Tradotto. Siamo una goccia.
Il nostro mondo emerso vale un terzo della superficie dell’organismo sul quale andiamo a spasso nell’Universo.

Deve aver pensato questo, o chissà che altro Siri Ranva Hjelm Jacobsen, scrittrice danese, nel suo Lettere tra due mari (Iperborea,€14, trad. it. Maria Valeria D’Avino, illustrazioni Dorte Naomi), che nell’esergo cita il poeta William Carlos Williams, da noi misconosciuto poeta cantore dell’America primeva, sulla cui figura il cantante-regista Jim Jarmusch ha diretto il film Paterson.
Lettere tra due mari è, come recita in modo apparentemente pleonastico persino il titolo, uno scambio epistolare – appunto – tra due mari, Atlantica e Mediterranea. Eppure v’è di più, è forse una forma ibridata di saggio e poesia, copione letterario e aspirazione al canto epico, Omero nel Baltico.

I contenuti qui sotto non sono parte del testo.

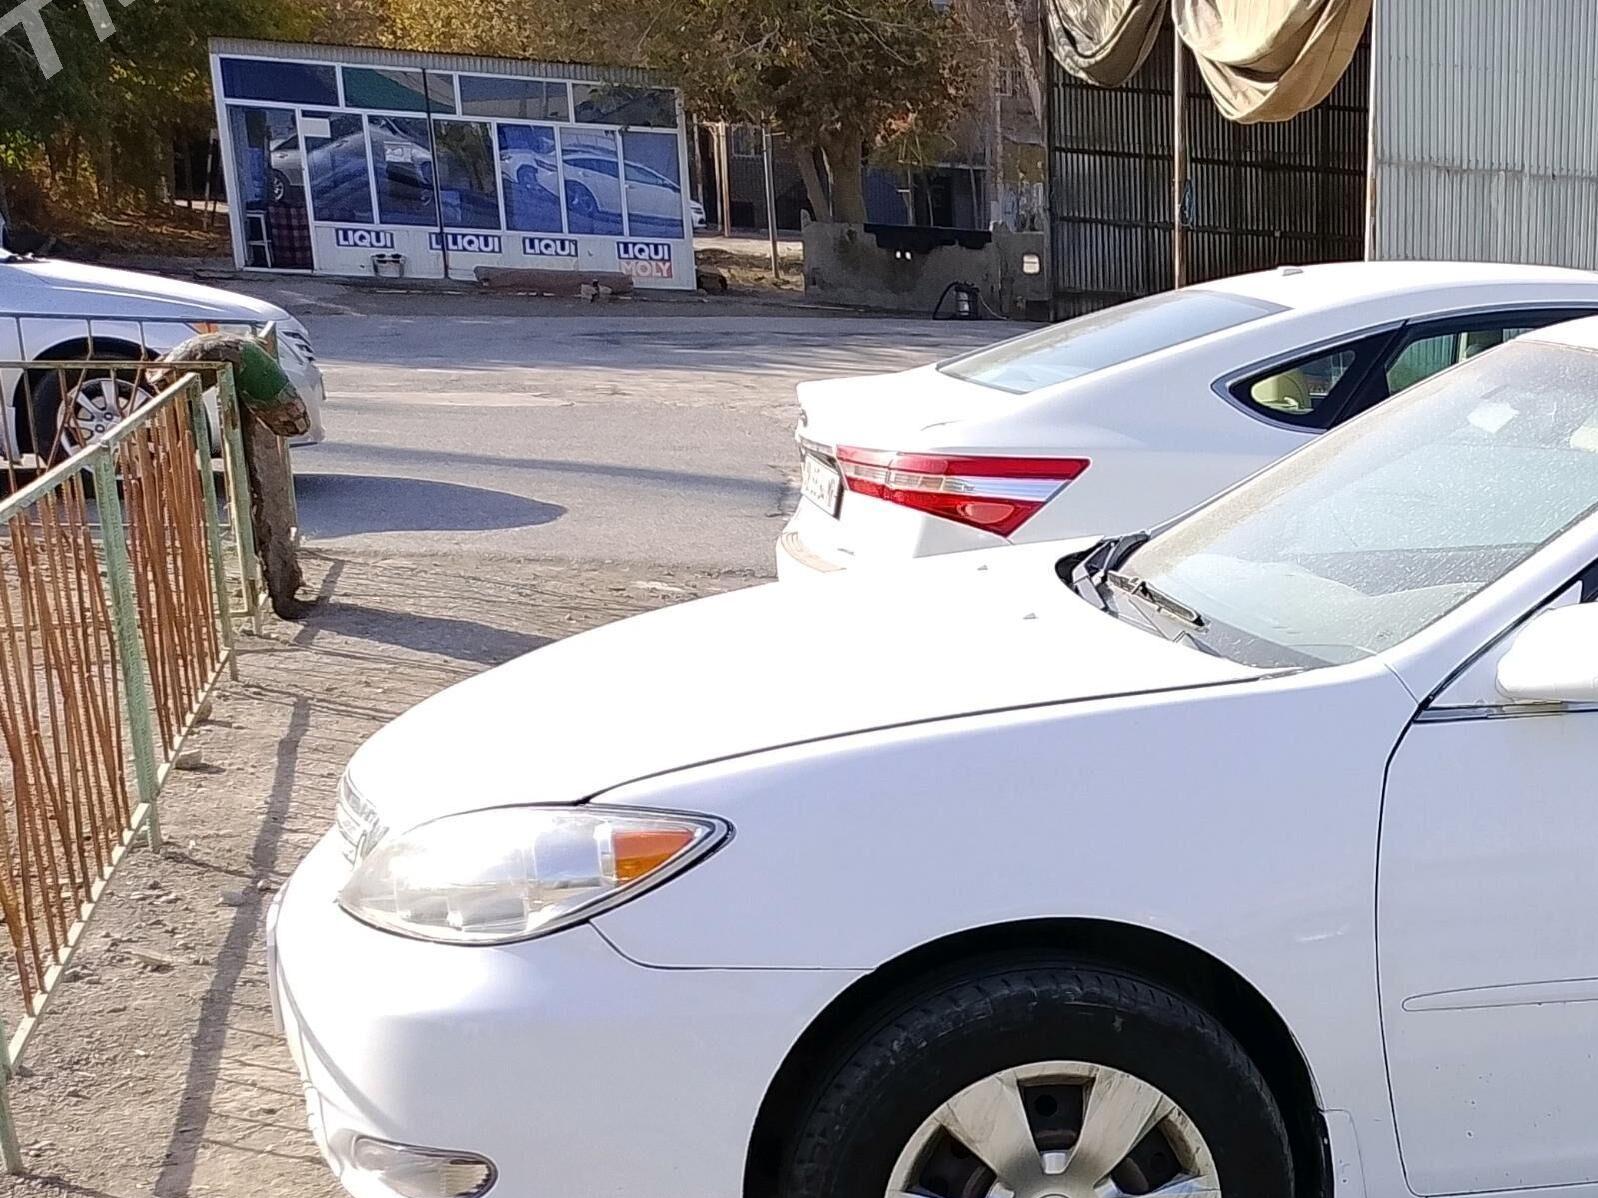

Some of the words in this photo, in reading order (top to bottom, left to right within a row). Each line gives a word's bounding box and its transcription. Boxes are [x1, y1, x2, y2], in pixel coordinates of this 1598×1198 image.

[337, 229, 392, 247] LIQUI
[447, 234, 499, 251] LIQUI
[524, 238, 577, 256] LIQUI
[618, 243, 670, 260] LIQUI
[620, 261, 671, 278] MOLY

Due oceani sorelle: l’anziana “centottantenne” A e la giovane “cinquemilionenne” M.
E subito la domanda di Jacobsen arriva, allora, eterodiretta, subacquea: quanto vale un giorno per il mare, le onde e la schiuma che da secoli scaricano sulla rena i sogni e i rimasugli delle civiltà? Quanto una notte per una manta, o il peso di un uomo per uno squalo, una balena bianca, una goccia di mare?

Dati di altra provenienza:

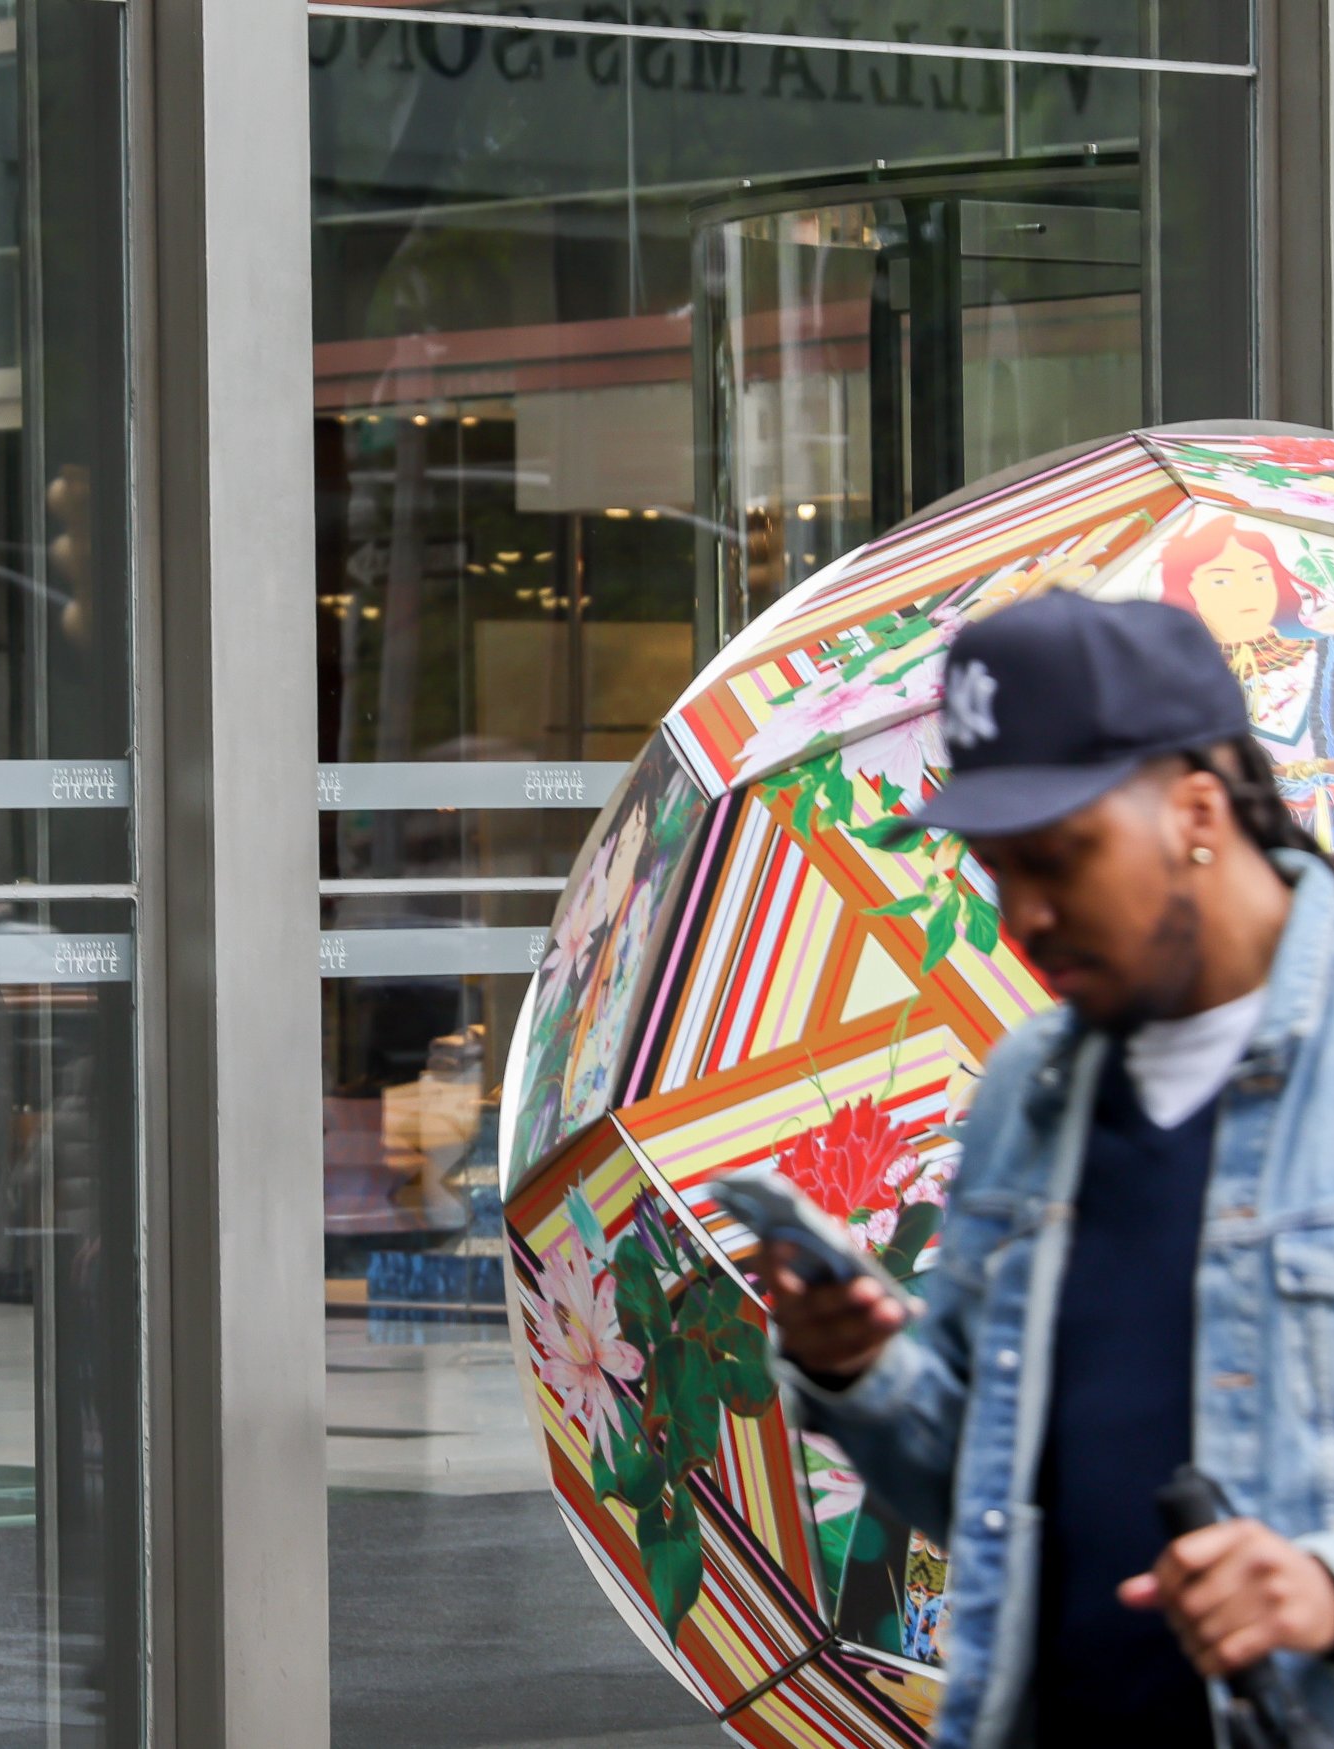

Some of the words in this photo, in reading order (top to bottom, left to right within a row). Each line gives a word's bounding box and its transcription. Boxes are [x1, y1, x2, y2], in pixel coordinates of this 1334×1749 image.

[52, 776, 115, 787] COLUMBUS
[525, 777, 583, 788] COLUMBUS
[52, 785, 115, 799] CIRCLE
[525, 786, 583, 800] CIRCLE
[55, 949, 117, 961] COLUMBUS
[55, 958, 117, 974] CIRCLE

Le lettere che si scambiano i titani sono epistole semplici, piene di piccoli e grandi pesci, schiocco e baccelli, piccoli crostacei e richiami a cosa stia facendo la sorella Artica con tutti quegli scioglimenti, di cui non si parla e che pure tutti noi sappiamo esistano.
Eppure v’è una leggerezza nel testo, merito anche dei disegni di D.Naomi che corrono lungo tutto il testo, che in certo modo tengono lontana la narrazione dal gravame post-apocalittico di una realtà ben più compromessa: se sappiamo che esiste il Pacific Trash Vortex – la grande chiazza di immondizia – al centro del Pacifico (sorella che non c’è in queste idro-lettere nel libriccino di Jacobsen, 64 pagine) altrettanto avvertiamo dalle sorella l’empatia per le creature del mare così soggiogate dalla sciatteria degli uomini, il loro pescare, la loro sozza intrusione, la loro scarsa inclinazione alla ricerca di un equilibrio con gli altri regni.
Di tutto ciò nel libro di Jacobsen non v’è traccia però. L’autrice si ferma sulla battigia e ci restituisce una fiaba di vita e morte. Recita la sua personale litania forse per un mondo in evoluzione, se pur certi scienziati oramai parlano di sesta estinzione di massa per illustrare gli effetti compromettenti dell’azione dell’uomo sul suo proprio habitat, proprio come i virus paradossalmente, nonché sulle altre specie.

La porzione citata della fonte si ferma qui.